→ **What to work on**: Return the listing in full, word for word.

→ **Task material**:

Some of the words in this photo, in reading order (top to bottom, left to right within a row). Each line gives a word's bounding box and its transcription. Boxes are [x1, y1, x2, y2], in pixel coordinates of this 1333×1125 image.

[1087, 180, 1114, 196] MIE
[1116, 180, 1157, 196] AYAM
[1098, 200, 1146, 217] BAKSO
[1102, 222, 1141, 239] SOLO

→ **Output of the exercise**:
Some of the words in this photo, in reading order (top to bottom, left to right within a row). Each line gives a word's bounding box and its transcription. Boxes are [x1, y1, x2, y2], in pixel coordinates of this 1333×1125 image.

[1087, 180, 1114, 196] MIE
[1116, 180, 1157, 196] AYAM
[1098, 200, 1146, 217] BAKSO
[1102, 222, 1141, 239] SOLO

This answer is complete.